(Annotated photo localization data)
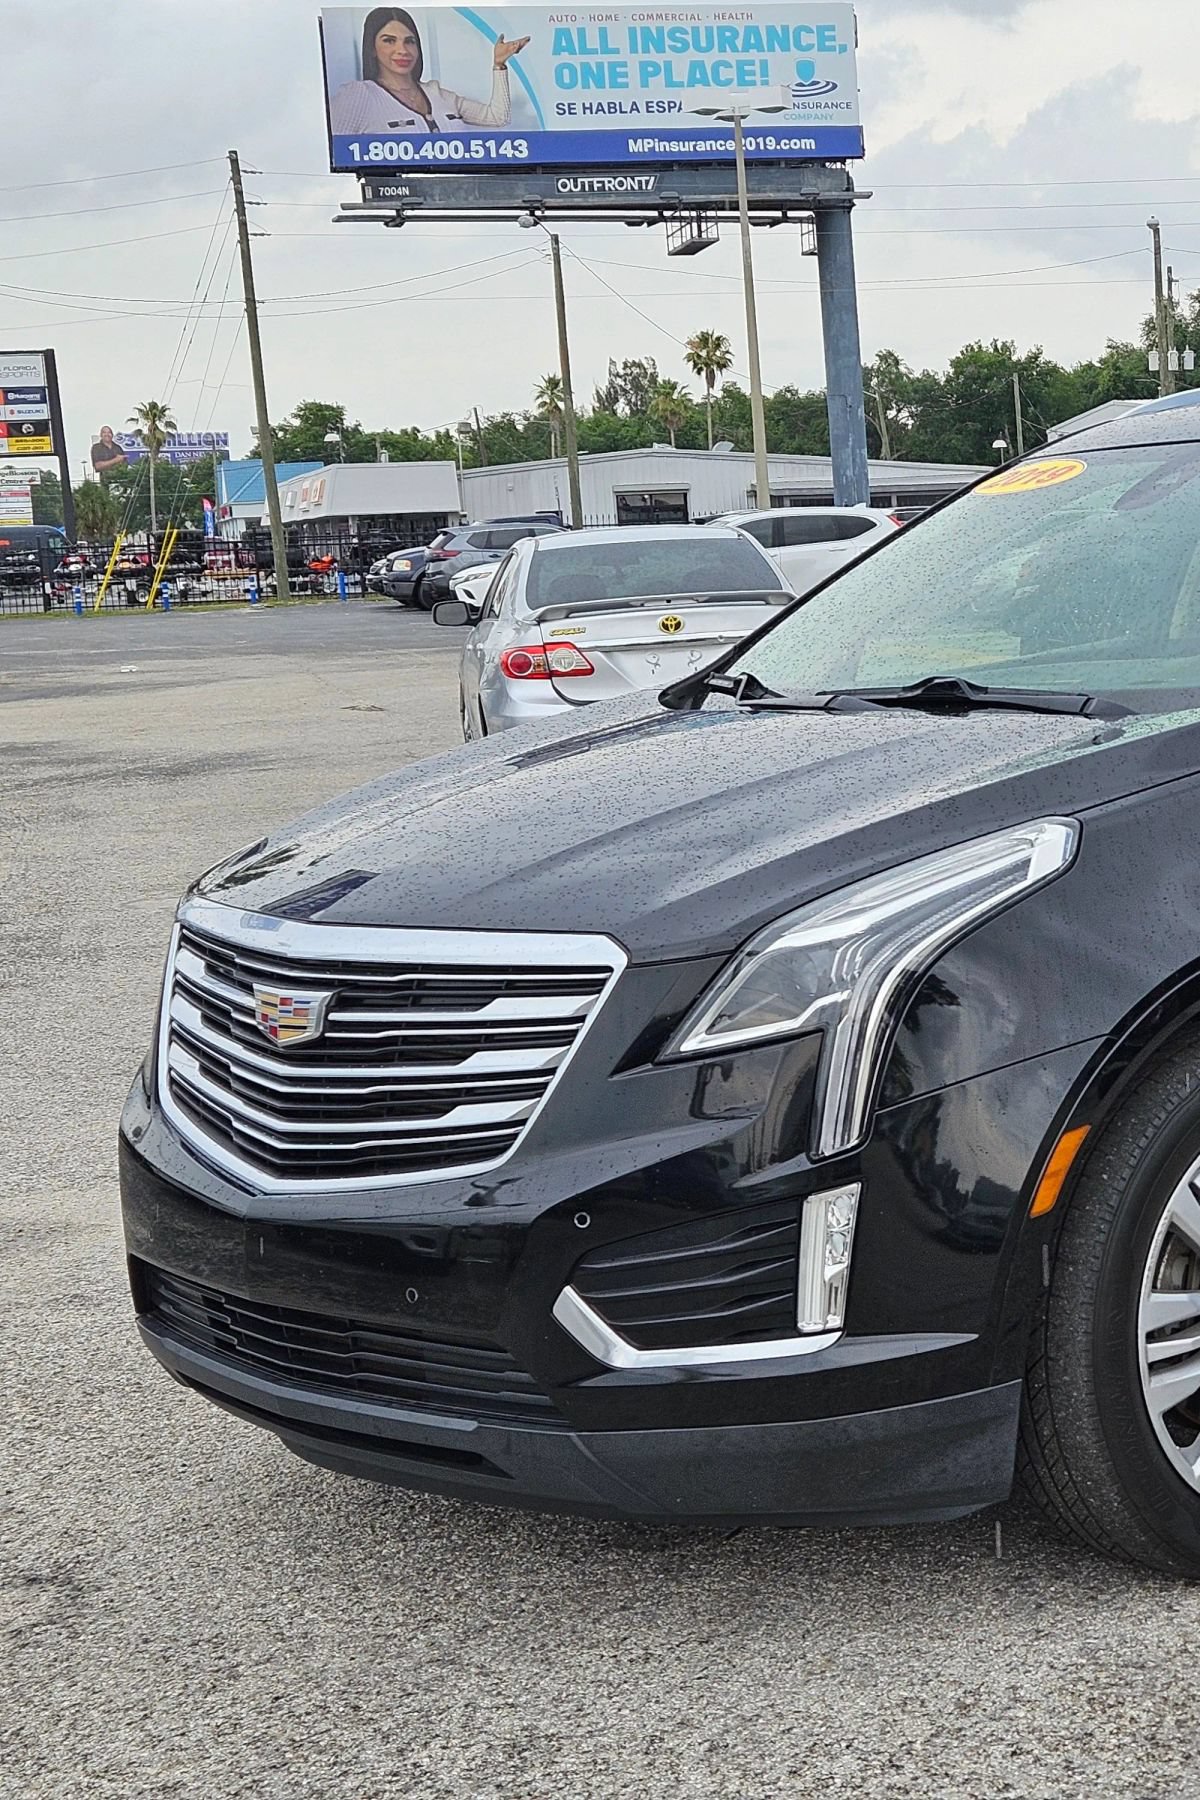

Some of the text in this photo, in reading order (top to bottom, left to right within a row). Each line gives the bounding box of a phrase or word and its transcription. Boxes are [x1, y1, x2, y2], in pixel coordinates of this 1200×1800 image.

[549, 12, 753, 23] AUTO HOME COMMERCIAL HEALTH
[552, 24, 848, 55] ALL INSURANCE,
[554, 59, 770, 89] ONE PLACE!
[556, 102, 577, 115] SE
[582, 101, 641, 115] HABLA
[792, 101, 853, 110] NSURANCE
[783, 113, 834, 121] COMPANY
[348, 138, 529, 161] 1.800.400.5143
[378, 186, 410, 197] 7004N

— PROBLEM TO SOLVE —
Would you set down each line of the data exactly, with no images included?

— EXERCISE RESPONSE —
Some of the text in this photo, in reading order (top to bottom, left to right within a row). Each line gives the bounding box of a phrase or word and its transcription. Boxes are [x1, y1, x2, y2], in pixel coordinates of this 1200×1800 image.

[549, 12, 753, 23] AUTO HOME COMMERCIAL HEALTH
[552, 24, 848, 55] ALL INSURANCE,
[554, 59, 770, 89] ONE PLACE!
[556, 102, 577, 115] SE
[582, 101, 641, 115] HABLA
[792, 101, 853, 110] NSURANCE
[783, 113, 834, 121] COMPANY
[348, 138, 529, 161] 1.800.400.5143
[378, 186, 410, 197] 7004N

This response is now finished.